At the end of the day, I take all the gullies and back roads home, and keep my eyes lively to any roving cops or shrinks. I'm glad Mom's at Nana's—she'll have company, and food in her belly, if only macaroni cheese. I missed my date with Goosens, and have to leave town, see. I just couldn't abandon Mom if she was home sniffling, no way. That's how I'm programmed. By the time I get home, I'm ready to call Nana's and tell Mom the job didn't work out—really come clean, as a final gesture. Then, when I step inside my house, I hear an unmistakable set of squeaks and sighs. The wind falls out of my sails and stays at the door, like your dorky buddy on his first visit to your place. My ole lady's here. Bawling. I stand quiet, as if she'll ignore me. She doesn't though, and this is where her routine gets quite transparent, actually, because she clears her throat, loudly, then uses that energy to launch into a bigger, better bawl. It breaks my fucken heart. Mostly because she has to resort to these transparent kind of moves to get attention.
'What's up, Ma?'
'Shnff, squss …'
'Ma, what's up?'
She takes hold of my hands, and looks up into my eyes like a calendar kitten after a fucken tractor accident, all crinkly, with spit between her lips. 'Oh, Vernon, baby, oh God...'
A familiar drenching feeling comes over me, like when the potential exists for serious tragedy. One thing I take into account, though, is that my ole lady always wants my blood to run cold; she bawls more convincingly the longer I know her, because my blood-freezing threshold goes up. This far down the road, she even fucken hyperventilates. My blood is icy.
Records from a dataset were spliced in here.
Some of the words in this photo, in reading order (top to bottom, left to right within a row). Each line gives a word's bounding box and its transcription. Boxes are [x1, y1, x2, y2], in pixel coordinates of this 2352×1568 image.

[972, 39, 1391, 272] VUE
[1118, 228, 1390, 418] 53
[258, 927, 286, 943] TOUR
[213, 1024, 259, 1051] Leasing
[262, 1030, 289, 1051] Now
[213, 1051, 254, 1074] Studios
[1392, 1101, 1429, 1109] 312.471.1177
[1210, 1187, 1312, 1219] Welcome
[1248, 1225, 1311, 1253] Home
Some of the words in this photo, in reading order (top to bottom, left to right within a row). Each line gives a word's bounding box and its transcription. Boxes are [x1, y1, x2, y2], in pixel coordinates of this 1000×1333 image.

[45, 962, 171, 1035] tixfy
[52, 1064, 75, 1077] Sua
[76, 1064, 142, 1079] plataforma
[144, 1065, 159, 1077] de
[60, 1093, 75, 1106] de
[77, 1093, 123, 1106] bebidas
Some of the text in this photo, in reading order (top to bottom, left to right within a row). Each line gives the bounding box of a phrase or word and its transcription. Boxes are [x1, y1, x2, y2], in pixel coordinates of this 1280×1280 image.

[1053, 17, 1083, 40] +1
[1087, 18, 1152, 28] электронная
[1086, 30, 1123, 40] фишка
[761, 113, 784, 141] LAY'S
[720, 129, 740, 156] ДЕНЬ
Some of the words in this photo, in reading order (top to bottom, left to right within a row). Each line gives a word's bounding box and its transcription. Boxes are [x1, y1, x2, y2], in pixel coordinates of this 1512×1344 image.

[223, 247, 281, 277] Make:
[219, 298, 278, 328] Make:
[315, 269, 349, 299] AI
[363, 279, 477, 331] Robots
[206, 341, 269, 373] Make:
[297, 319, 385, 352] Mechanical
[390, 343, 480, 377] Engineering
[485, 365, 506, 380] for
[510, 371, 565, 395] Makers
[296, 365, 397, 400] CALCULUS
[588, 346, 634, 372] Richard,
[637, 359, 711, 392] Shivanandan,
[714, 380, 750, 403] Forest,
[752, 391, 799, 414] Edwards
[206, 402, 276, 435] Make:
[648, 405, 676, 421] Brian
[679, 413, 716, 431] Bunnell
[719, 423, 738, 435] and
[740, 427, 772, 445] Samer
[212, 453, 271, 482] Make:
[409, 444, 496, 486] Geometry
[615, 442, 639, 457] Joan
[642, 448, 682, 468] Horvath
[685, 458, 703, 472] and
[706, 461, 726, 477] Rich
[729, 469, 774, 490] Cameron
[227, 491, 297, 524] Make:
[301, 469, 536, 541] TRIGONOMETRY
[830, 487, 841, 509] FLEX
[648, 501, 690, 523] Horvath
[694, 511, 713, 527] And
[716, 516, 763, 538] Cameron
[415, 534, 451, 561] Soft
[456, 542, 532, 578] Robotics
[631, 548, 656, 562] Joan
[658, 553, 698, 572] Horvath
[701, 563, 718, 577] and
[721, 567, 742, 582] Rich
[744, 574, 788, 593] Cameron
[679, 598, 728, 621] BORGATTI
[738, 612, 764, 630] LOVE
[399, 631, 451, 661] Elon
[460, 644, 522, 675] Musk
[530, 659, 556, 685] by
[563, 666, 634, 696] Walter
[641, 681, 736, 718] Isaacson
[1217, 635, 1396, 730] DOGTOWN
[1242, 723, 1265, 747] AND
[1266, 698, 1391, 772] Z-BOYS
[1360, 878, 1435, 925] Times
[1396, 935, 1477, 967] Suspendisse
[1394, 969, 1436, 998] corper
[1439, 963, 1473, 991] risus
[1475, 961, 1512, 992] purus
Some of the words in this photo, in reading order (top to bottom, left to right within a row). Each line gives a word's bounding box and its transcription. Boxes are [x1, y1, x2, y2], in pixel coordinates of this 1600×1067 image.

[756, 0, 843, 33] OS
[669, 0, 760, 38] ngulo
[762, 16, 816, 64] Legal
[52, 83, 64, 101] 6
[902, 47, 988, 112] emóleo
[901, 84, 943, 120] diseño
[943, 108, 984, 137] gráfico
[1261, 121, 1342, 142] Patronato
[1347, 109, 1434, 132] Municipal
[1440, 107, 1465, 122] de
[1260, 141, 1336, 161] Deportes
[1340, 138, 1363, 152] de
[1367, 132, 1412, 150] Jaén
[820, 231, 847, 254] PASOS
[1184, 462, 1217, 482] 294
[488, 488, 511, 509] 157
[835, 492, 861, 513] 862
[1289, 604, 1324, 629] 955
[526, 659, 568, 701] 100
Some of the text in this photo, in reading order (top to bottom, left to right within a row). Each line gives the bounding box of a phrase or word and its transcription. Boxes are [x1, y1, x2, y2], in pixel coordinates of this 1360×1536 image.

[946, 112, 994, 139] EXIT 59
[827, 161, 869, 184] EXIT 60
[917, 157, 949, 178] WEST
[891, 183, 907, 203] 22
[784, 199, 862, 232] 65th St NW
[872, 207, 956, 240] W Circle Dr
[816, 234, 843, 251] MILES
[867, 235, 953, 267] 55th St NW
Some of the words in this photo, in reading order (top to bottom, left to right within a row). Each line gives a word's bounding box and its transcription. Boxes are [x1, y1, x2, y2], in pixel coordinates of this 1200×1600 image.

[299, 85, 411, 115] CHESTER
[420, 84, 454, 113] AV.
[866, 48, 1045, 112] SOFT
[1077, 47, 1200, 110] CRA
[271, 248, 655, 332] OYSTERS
'Oh, Vernon, we're really going to have to pull together now.'
'Momma, calm down—is it about the gun?'
Her eyes brighten for a moment. 'Well no, actually they found nine guns on Saturday—Bar-B-Chew Barn disqualified the prize winners for planting guns along the route, there's all kinds of hell to pay in town today.'
'So what's the problem?'
She sets up bawling again. 'I went to cash the investment this morning, and the company was gone.'
'Lally's investment?'
'I've been calling Leona's all day, but he's not there …'
This so-called investment was with one of those companies with names chained together, like 'Rechtum, Gollblatter, Pubiss & Crotsch'. If you want to know who the real psychos are, take any guy who names a business to sound like a lawyer's company, and is still surprised when folk won't turn their back to him.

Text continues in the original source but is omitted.